═════ Supplied data ═════

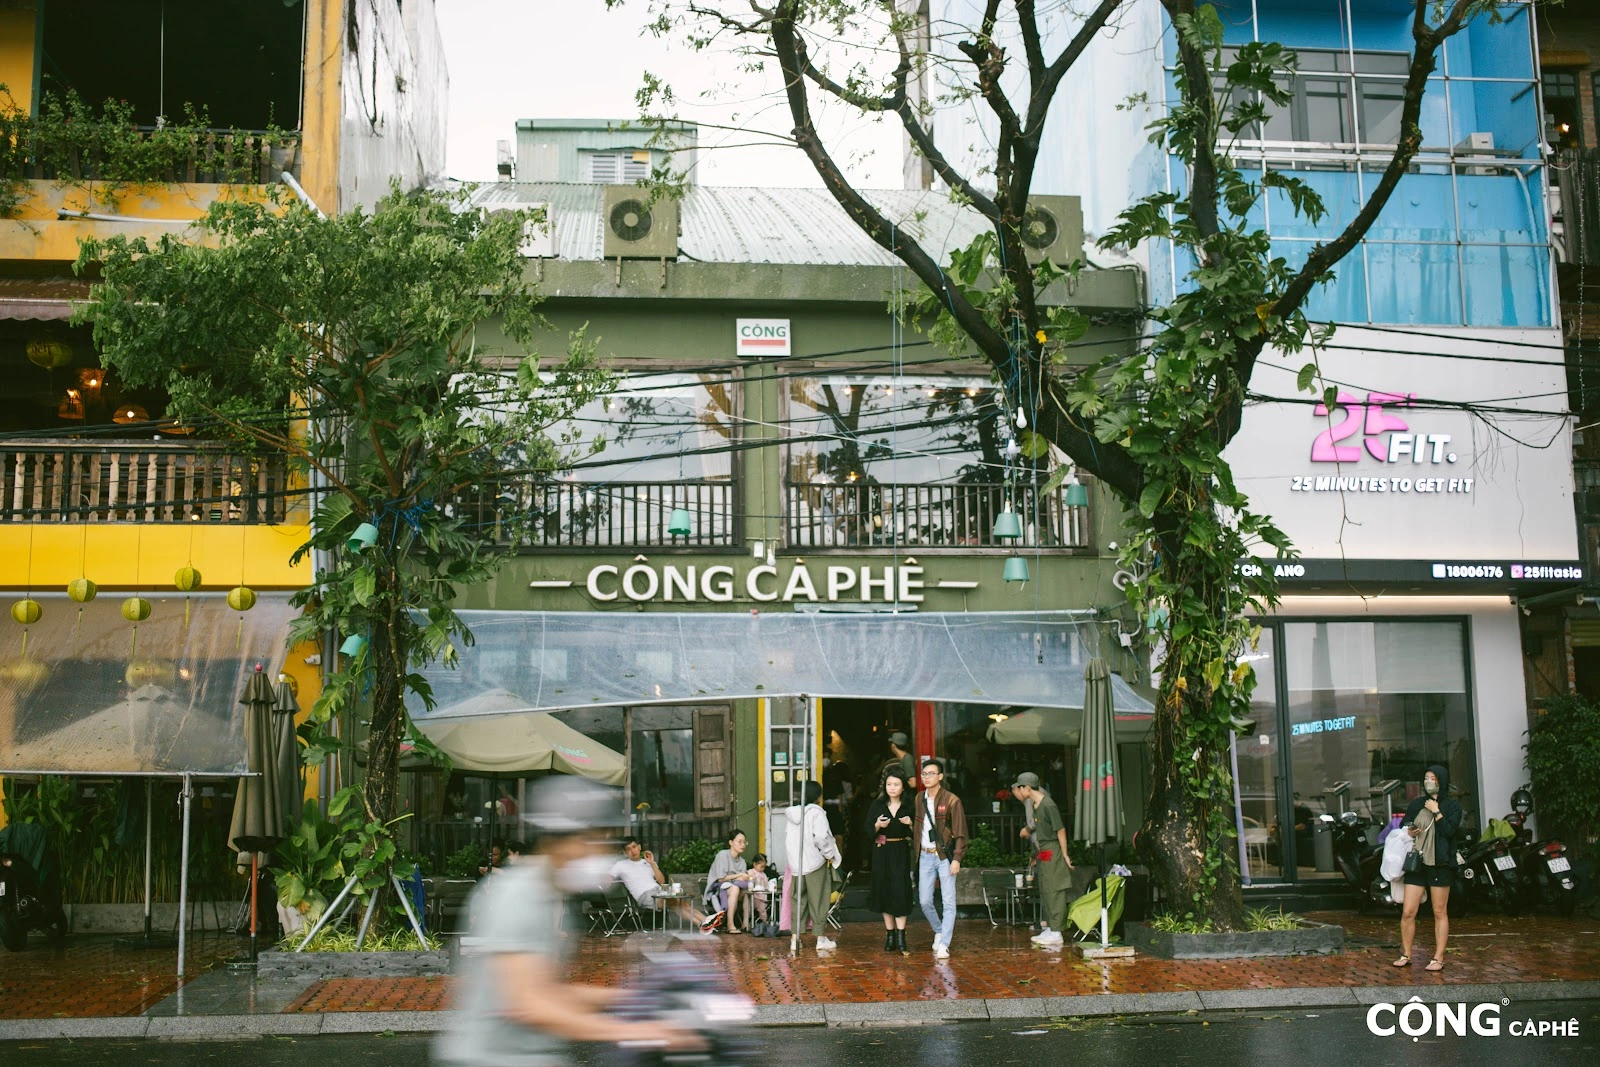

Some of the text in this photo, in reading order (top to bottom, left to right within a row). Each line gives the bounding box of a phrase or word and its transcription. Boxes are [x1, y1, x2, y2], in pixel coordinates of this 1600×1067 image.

[1291, 476, 1473, 493] 25 MINUTES TO GET FIT
[586, 554, 734, 602] CÔNG
[1446, 565, 1504, 578] 18006176
[1523, 566, 1582, 579] 25fitasia
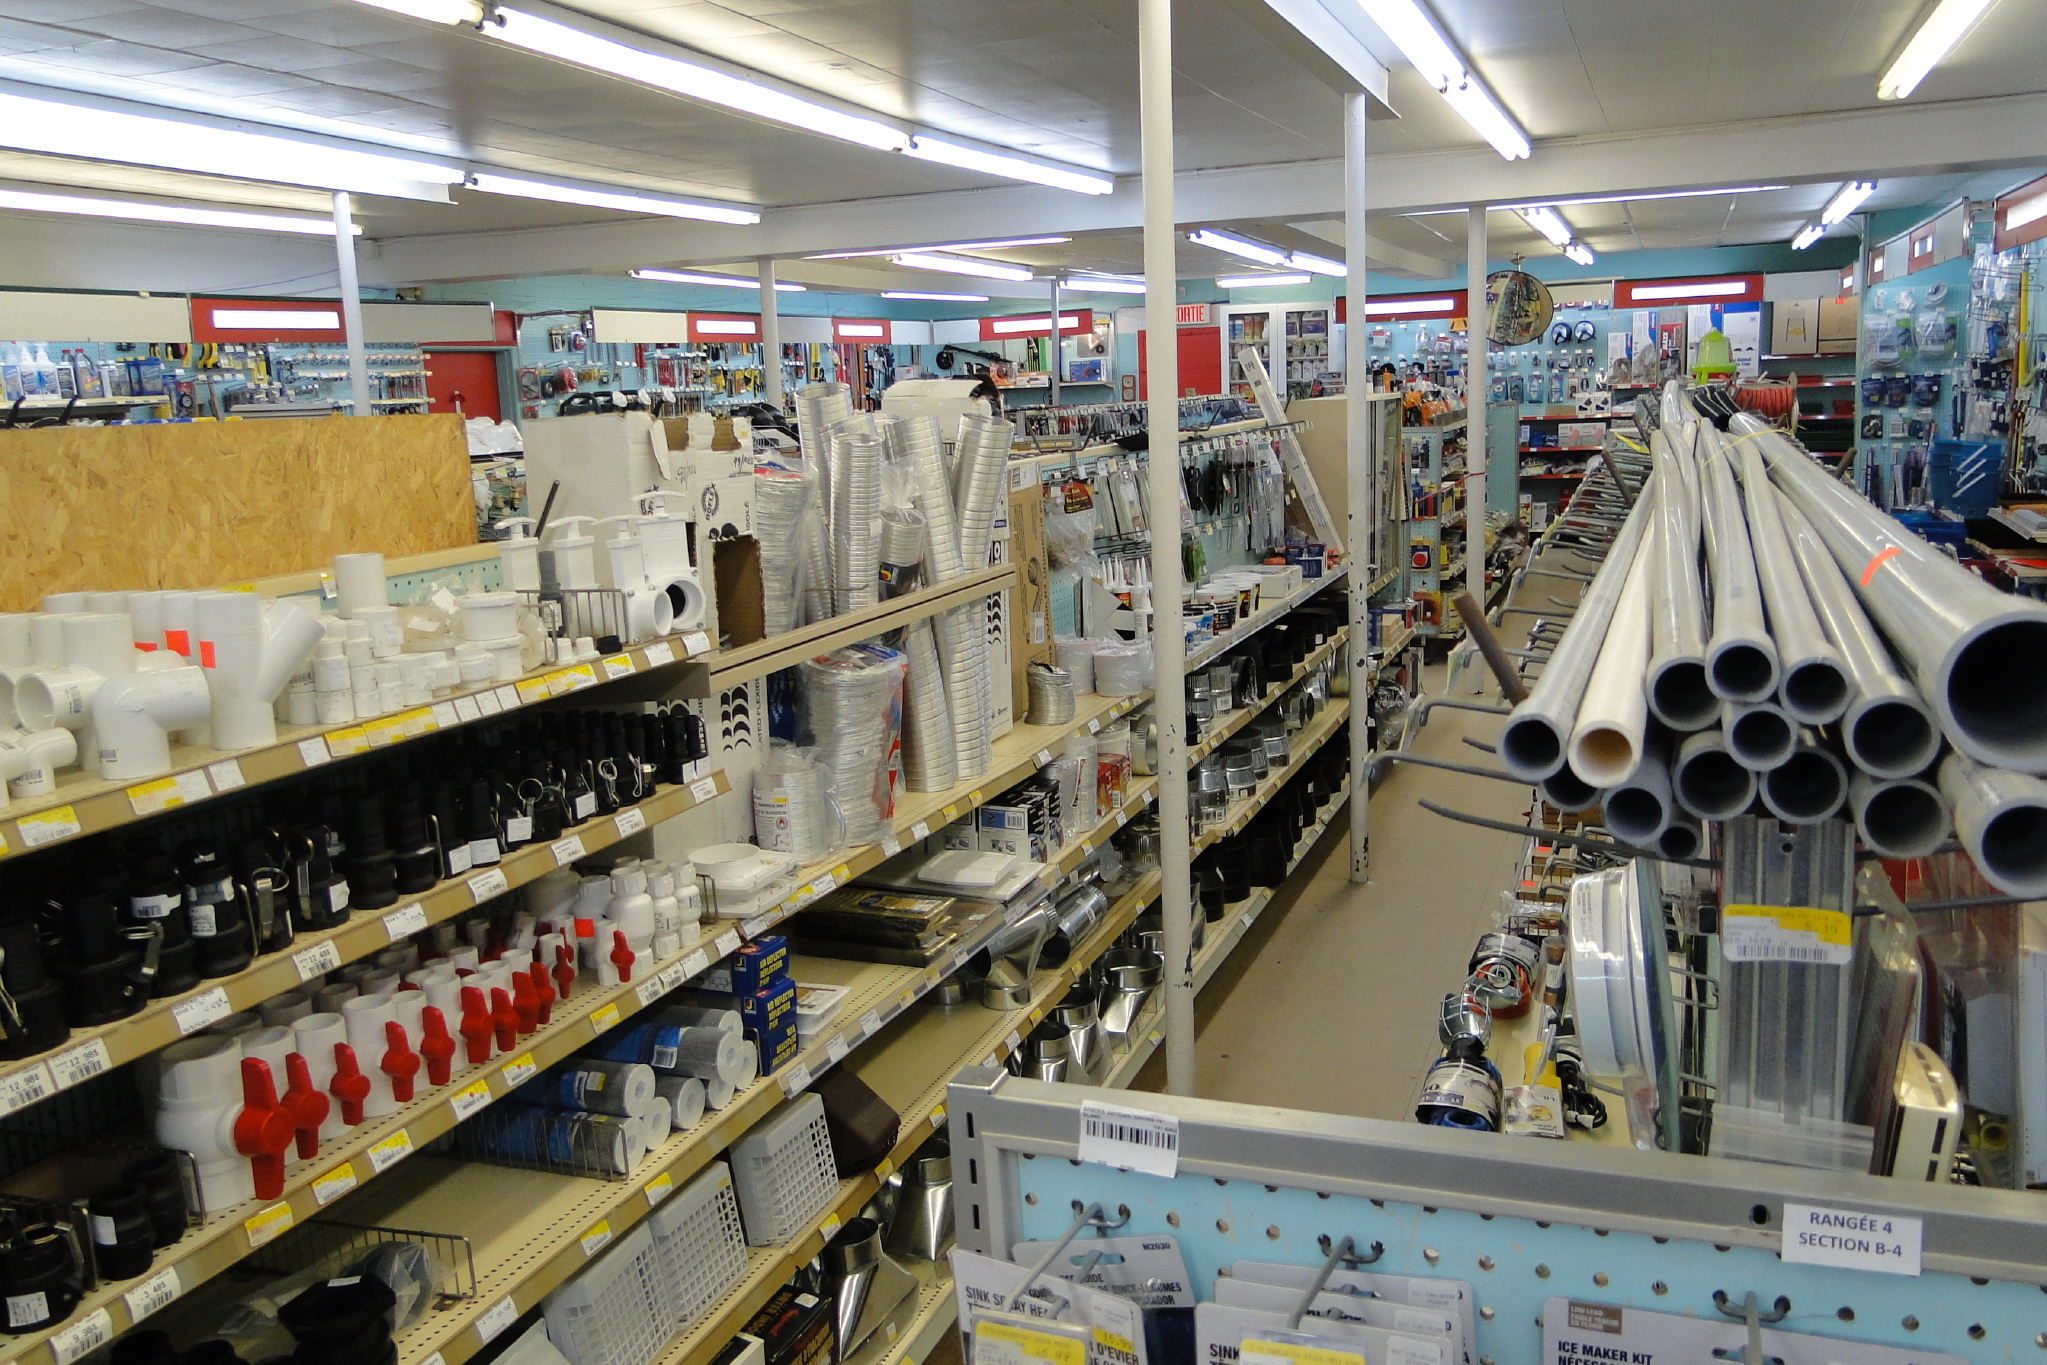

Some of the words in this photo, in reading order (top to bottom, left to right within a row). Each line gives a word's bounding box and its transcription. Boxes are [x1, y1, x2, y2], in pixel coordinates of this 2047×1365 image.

[1176, 305, 1205, 322] ORTIE
[705, 482, 716, 521] BOFLEX
[70, 1056, 81, 1067] 12
[83, 1049, 99, 1062] 98$
[9, 1081, 21, 1092] 12
[24, 1073, 40, 1086] 98$
[1810, 1212, 1878, 1232] RANGÉE
[1883, 1221, 1892, 1234] 4
[1799, 1232, 1870, 1253] SECTION
[1875, 1242, 1902, 1257] B-4
[965, 1286, 991, 1304] SINK
[993, 1293, 1026, 1313] SPAY
[1209, 1343, 1240, 1360] SINK
[1558, 1340, 1578, 1354] ICE
[1582, 1344, 1628, 1362] MAKER
[1632, 1352, 1654, 1365] KIT
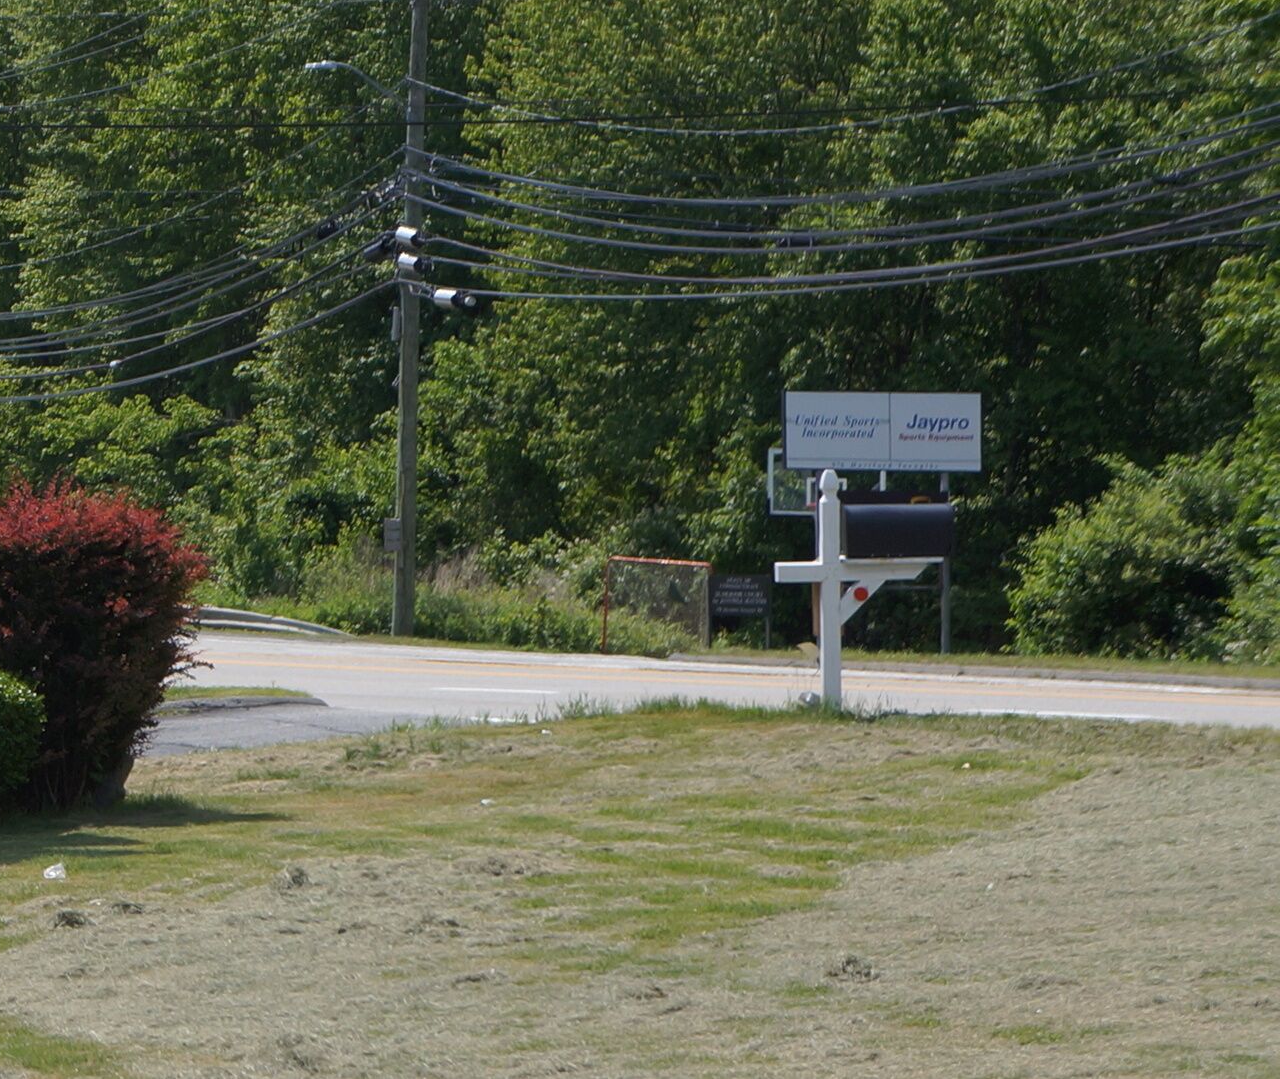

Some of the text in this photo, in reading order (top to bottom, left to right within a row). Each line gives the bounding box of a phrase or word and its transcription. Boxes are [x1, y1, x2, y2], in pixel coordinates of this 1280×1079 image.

[795, 414, 881, 429] Unified Sports
[906, 413, 970, 433] Jaypro
[801, 426, 875, 439] Incorporated
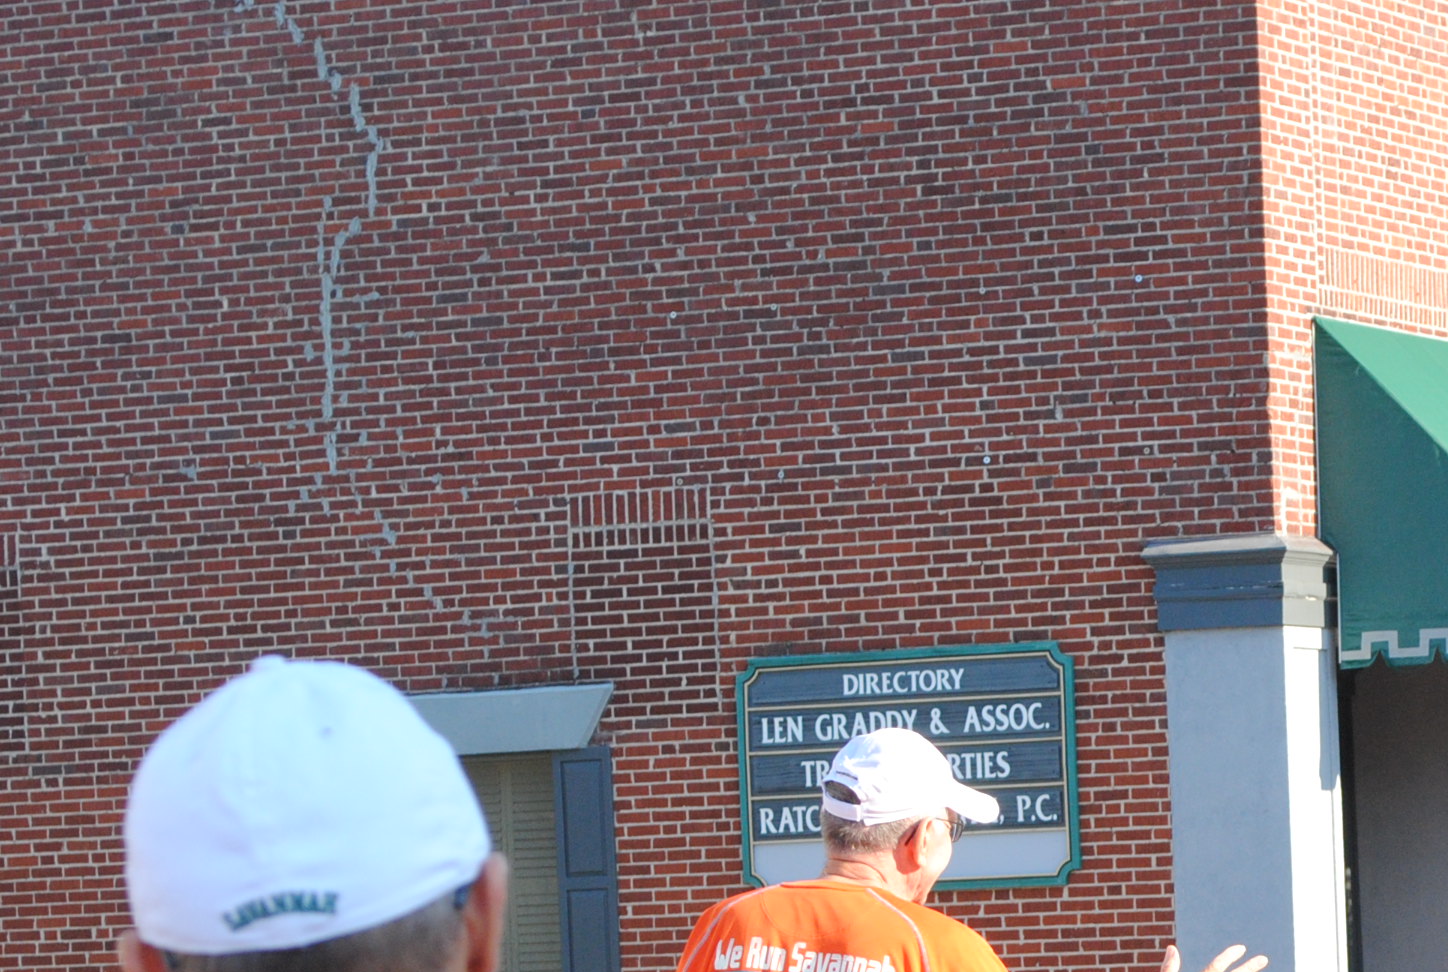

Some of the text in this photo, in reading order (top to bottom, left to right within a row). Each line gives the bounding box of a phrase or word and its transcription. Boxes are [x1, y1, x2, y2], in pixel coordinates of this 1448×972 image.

[843, 668, 964, 695] DIRECTORY
[761, 702, 1050, 744] LEN GRADDY & ASSOC.
[1016, 793, 1058, 822] P.C.
[714, 938, 744, 970] We
[746, 936, 787, 972] Run

═════

#### How to complete this task:
Images are to be omitted; everything else in the records is to be transcribed exactly.

#### Your response:
Some of the text in this photo, in reading order (top to bottom, left to right within a row). Each line gives the bounding box of a phrase or word and its transcription. Boxes are [x1, y1, x2, y2], in pixel coordinates of this 1600×1067 image.

[1291, 476, 1473, 493] 25 MINUTES TO GET FIT
[586, 554, 734, 602] CÔNG
[1446, 565, 1504, 578] 18006176
[1523, 566, 1582, 579] 25fitasia

Some of the words in this photo, in reading order (top to bottom, left to right within a row). Each line gives a word's bounding box and its transcription. Boxes are [x1, y1, x2, y2], in pixel coordinates of this 2047×1365 image.

[1176, 305, 1205, 322] ORTIE
[705, 482, 716, 521] BOFLEX
[70, 1056, 81, 1067] 12
[83, 1049, 99, 1062] 98$
[9, 1081, 21, 1092] 12
[24, 1073, 40, 1086] 98$
[1810, 1212, 1878, 1232] RANGÉE
[1883, 1221, 1892, 1234] 4
[1799, 1232, 1870, 1253] SECTION
[1875, 1242, 1902, 1257] B-4
[965, 1286, 991, 1304] SINK
[993, 1293, 1026, 1313] SPAY
[1209, 1343, 1240, 1360] SINK
[1558, 1340, 1578, 1354] ICE
[1582, 1344, 1628, 1362] MAKER
[1632, 1352, 1654, 1365] KIT

Some of the text in this photo, in reading order (top to bottom, left to right within a row). Each line gives the bounding box of a phrase or word and its transcription. Boxes are [x1, y1, x2, y2], in pixel coordinates of this 1280×1079 image.

[795, 414, 881, 429] Unified Sports
[906, 413, 970, 433] Jaypro
[801, 426, 875, 439] Incorporated

Some of the text in this photo, in reading order (top to bottom, left to right within a row). Each line gives the bounding box of a phrase or word and its transcription. Boxes are [x1, y1, x2, y2], in pixel coordinates of this 1448×972 image.

[843, 668, 964, 695] DIRECTORY
[761, 702, 1050, 744] LEN GRADDY & ASSOC.
[1016, 793, 1058, 822] P.C.
[714, 938, 744, 970] We
[746, 936, 787, 972] Run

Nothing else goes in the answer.